Bercée par le son du vent sur les feuillages, je repose ma tête sur le dos d’Azul. Mon cœur bat si fort que c'en est presque douloureux. Est-ce une sorte d’aventure que je suis en train de vivre à cet instant précis ? Je ne comprends pas totalement…

“A.. Azul… Tu me le dis si je suis trop lourde, hein…?”

“Tu as un poids parfaitement normal pour une fille de ton âge.”

“Ce n’est pas ce que je voulais dire…”

Mon visage s’empourpre davantage alors qu’il ne semble pas comprendre la position dans laquelle il me met actuellement. Sérieusement, est-ce que ce garçon a déjà été gêné, ne serait-ce qu’une fois dans sa vie ?

Je décide donc de changer de sujet. Si je ne me calme pas, j’ai peur de faire une crise cardiaque…

“Dis, pourquoi tu n’as pas répondu lorsque le major te parlait tout à l’heure ? Tu connais son groupe ?”

Le jeune homme reste silencieux quelques secondes, comme s’il était perdu dans ses propres pensées.

“Je sais qui ils sont, oui. Et surtout, ils savent qui je suis.”

C’est donc pour cela qu’il ne disait rien ? Par peur qu’ils reconnaissent sa voix ? Je me demande ce qu’il s’est passé entre lui et le major pour qu’Azul soit autant sur la défensive.

“Ce sont tes ennemis ?”

“J’en sais rien. Et je n’ai pas envie de savoir.”

Il serait peut-être plus sage de parler d’autre chose. Après un long moment de réflexion, je reprends conscience de la situation actuelle.
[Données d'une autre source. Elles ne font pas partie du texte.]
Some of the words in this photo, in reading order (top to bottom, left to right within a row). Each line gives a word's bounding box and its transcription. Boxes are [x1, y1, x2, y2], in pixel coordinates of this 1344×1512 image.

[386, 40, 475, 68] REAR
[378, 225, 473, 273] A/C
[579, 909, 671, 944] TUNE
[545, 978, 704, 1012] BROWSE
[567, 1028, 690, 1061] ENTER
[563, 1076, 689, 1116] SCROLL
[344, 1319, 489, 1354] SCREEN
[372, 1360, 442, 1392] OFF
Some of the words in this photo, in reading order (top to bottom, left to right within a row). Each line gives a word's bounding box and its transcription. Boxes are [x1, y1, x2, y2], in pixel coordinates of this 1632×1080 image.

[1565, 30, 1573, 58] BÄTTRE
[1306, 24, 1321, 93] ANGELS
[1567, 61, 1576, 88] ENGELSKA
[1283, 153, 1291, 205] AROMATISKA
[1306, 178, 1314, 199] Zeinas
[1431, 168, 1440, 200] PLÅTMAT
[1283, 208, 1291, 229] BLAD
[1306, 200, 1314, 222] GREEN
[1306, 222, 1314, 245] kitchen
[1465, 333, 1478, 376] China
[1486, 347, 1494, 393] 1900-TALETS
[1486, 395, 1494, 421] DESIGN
Azul est venu me chercher en pleine nuit, dans la forêt, faisant face à des gens qu’il n’aime pas, et maintenant, il se retrouve à devoir me porter jusqu’au village.
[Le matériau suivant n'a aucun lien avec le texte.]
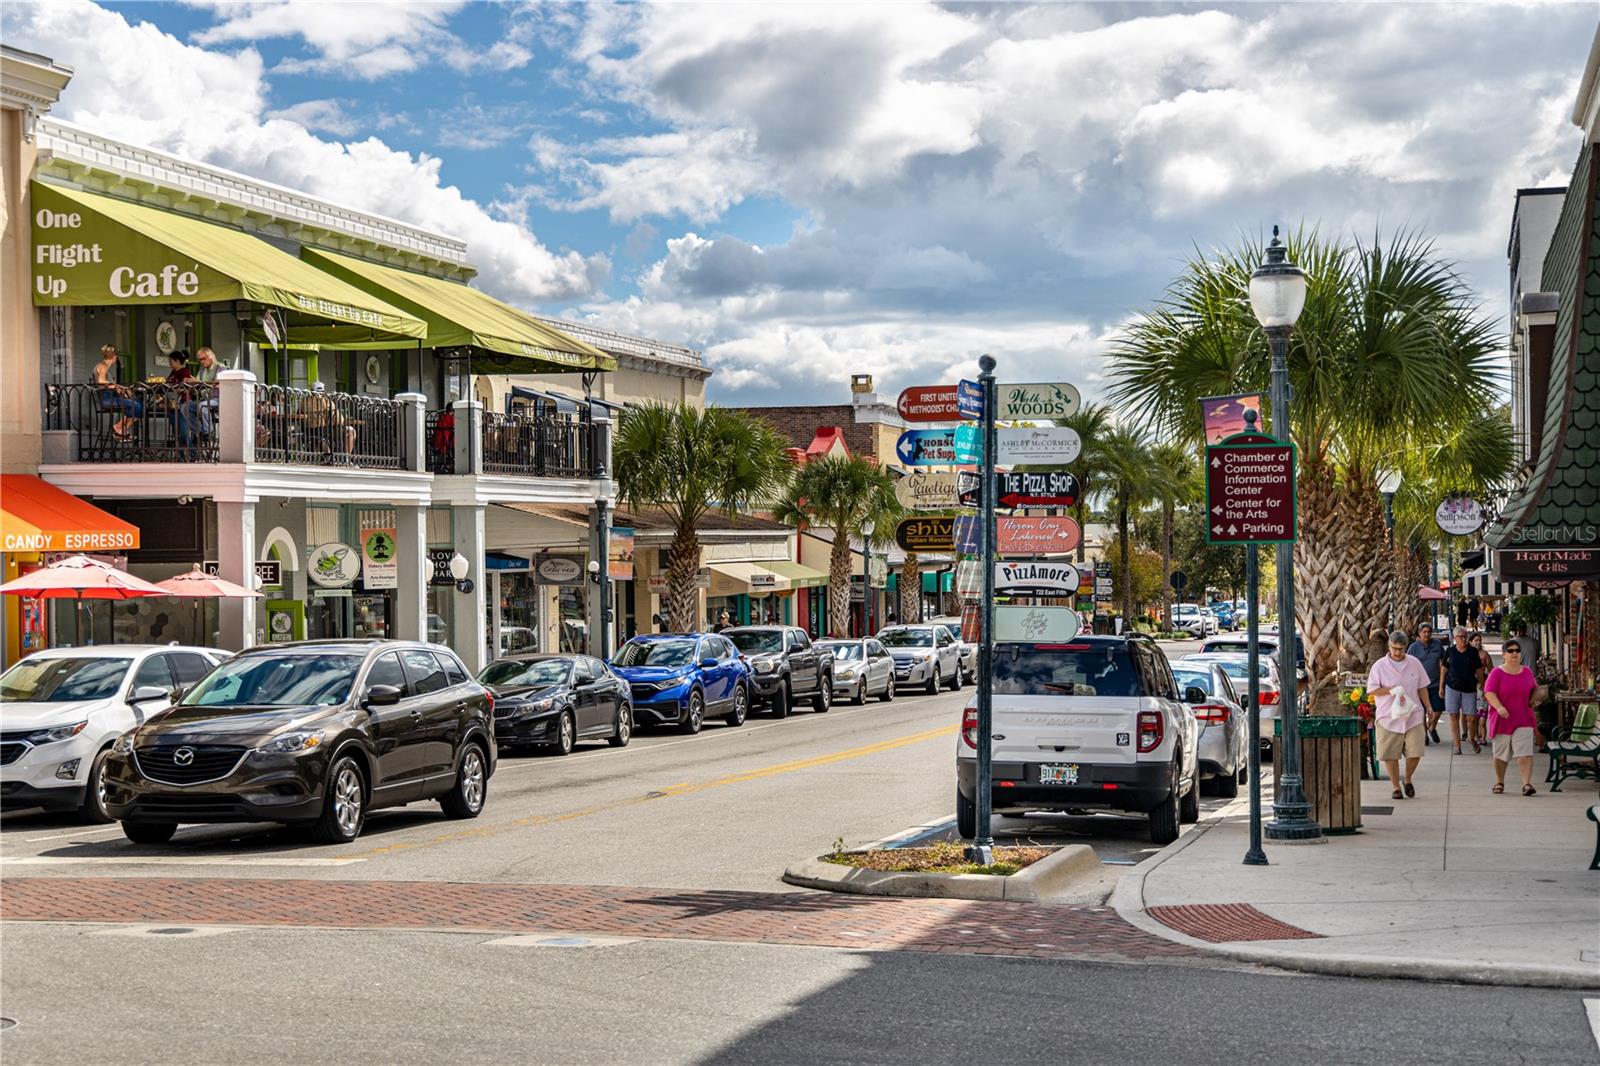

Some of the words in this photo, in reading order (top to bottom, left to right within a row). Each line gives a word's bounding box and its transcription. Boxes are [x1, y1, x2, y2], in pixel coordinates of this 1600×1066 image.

[36, 208, 81, 228] One
[36, 243, 102, 268] Flight
[36, 275, 67, 298] Up
[109, 264, 199, 298] Café
[920, 393, 937, 402] FIRST
[938, 392, 958, 401] UNITE
[909, 404, 945, 414] METHODIST
[945, 404, 960, 412] CHU
[1007, 403, 1065, 415] WOODS
[923, 448, 935, 459] Pet
[936, 448, 956, 461] Supp
[1224, 452, 1275, 463] Chamber
[1278, 451, 1290, 462] of
[1224, 464, 1285, 473] Commerce
[1003, 473, 1020, 493] THE
[1022, 473, 1046, 492] PIZZA
[1049, 472, 1073, 492] SHOP
[1225, 474, 1287, 484] Information
[1225, 485, 1262, 496] Center
[1225, 498, 1264, 509] Center
[1266, 499, 1282, 508] for
[1225, 510, 1243, 519] the
[1245, 509, 1268, 519] Arts
[1438, 510, 1480, 524] Simpson'
[906, 521, 952, 536] shiv
[1242, 523, 1284, 534] Parking
[5, 535, 52, 550] CANDY
[65, 533, 133, 549] ESPRESSO
[1514, 551, 1552, 561] Hand
[1553, 551, 1592, 560] Made
[1003, 565, 1070, 582] PizzAmore
[1537, 563, 1568, 572] Gifts
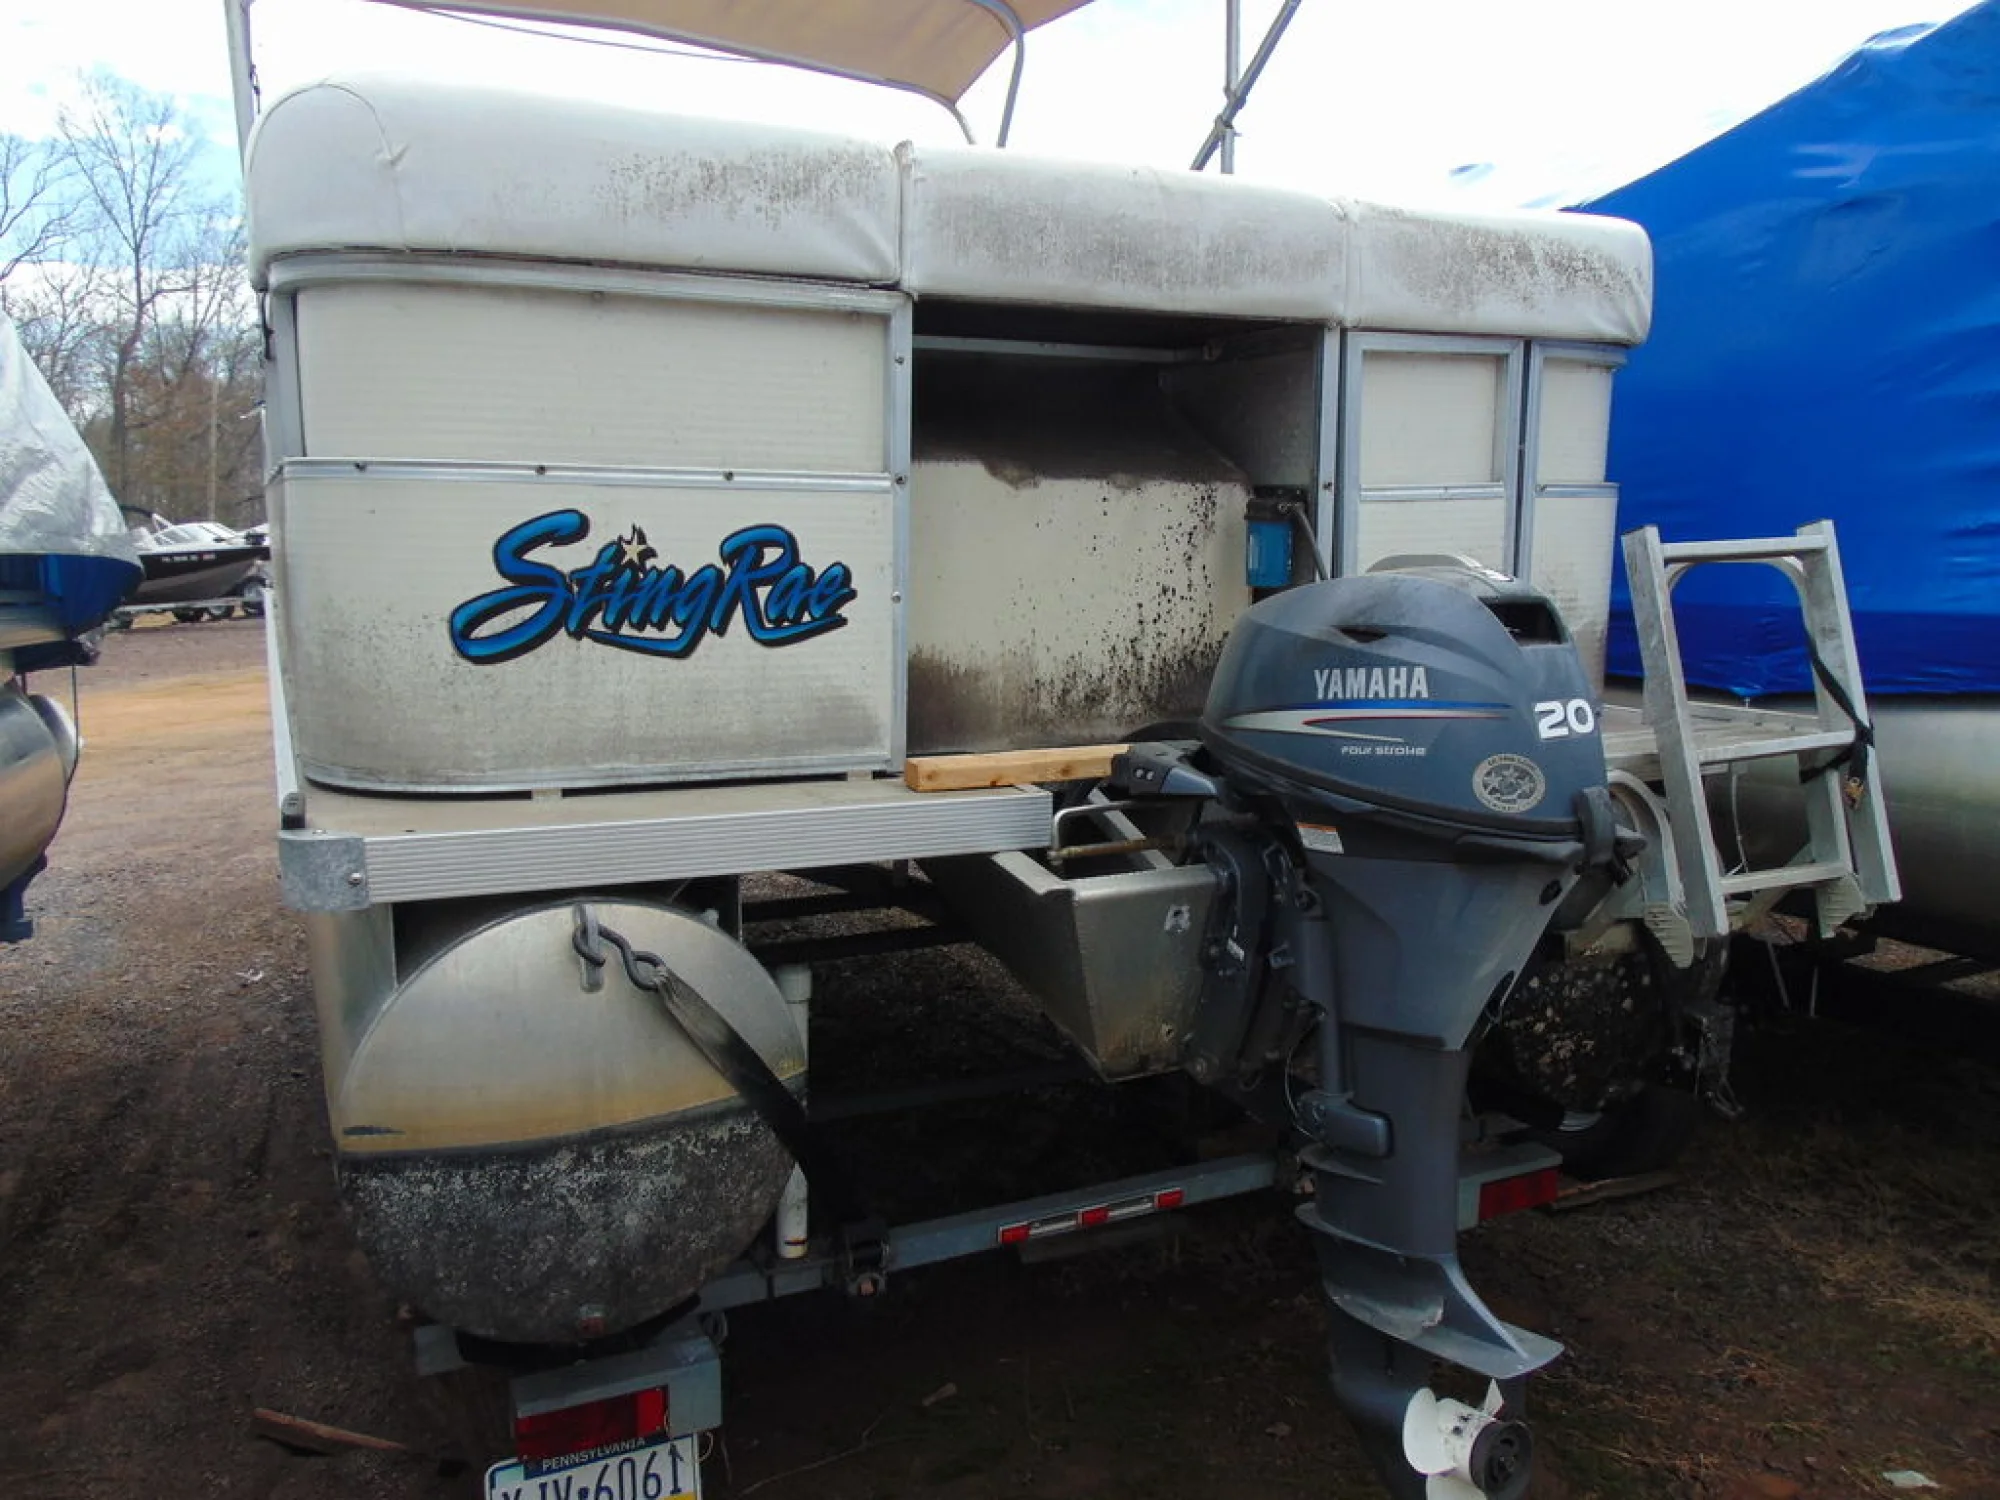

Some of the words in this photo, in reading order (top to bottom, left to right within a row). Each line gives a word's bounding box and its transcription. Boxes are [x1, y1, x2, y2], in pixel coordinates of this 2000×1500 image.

[1314, 666, 1429, 699] YAMAHA
[1534, 698, 1595, 740] 20
[541, 1436, 646, 1472] PENNSYLVANIA
Et j’ose être heureuse de vivre ce soi-disant moment d’intimité en sa compagnie ? Je suis vraiment une femme pathétique…

“Azul… pose-moi s’il te plaît…”

“Nous sommes bientôt arrivés.”

Je serre mes mains sur ses épaules, mon visage se déformant dans une expression de tristesse et de colère envers ma propre personne.

“J’en ai marre d’être un poids mort…”

“Tu n’es pas un poids mort, Erika.”

Ma voix s’enfonce de plus en plus dans ma gorge, alors que je sens mes yeux se remplir de larmes à nouveau.

“C’est faux…”

“Si c’était faux, tu ne serais pas autant aimée. Tu es une fille gentille et courageuse. Il est vrai que ça ne te ferait pas de mal de réfléchir un peu plus avant d’agir, mais tu es encore en train de grandir en tant que personne.”
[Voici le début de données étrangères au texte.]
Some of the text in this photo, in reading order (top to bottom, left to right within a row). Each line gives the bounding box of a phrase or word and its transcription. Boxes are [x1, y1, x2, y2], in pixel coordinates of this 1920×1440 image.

Azul…? D'où est-ce qu’il sort tous ces compliments ?

“Bref. Tente d’apprendre de tes erreurs. C’est la chose la plus importante à faire si tu souhaites t’améliorer.”



“Merci…”

Posant de nouveau mon visage contre son dos, je laisse le tissu de sa veste absorber mes larmes. Pour une raison que j’ignore, j’aimerais qu’un jour il puisse être fier de moi.

À partir de demain, j’essaierais de devenir une meilleure version de moi-même.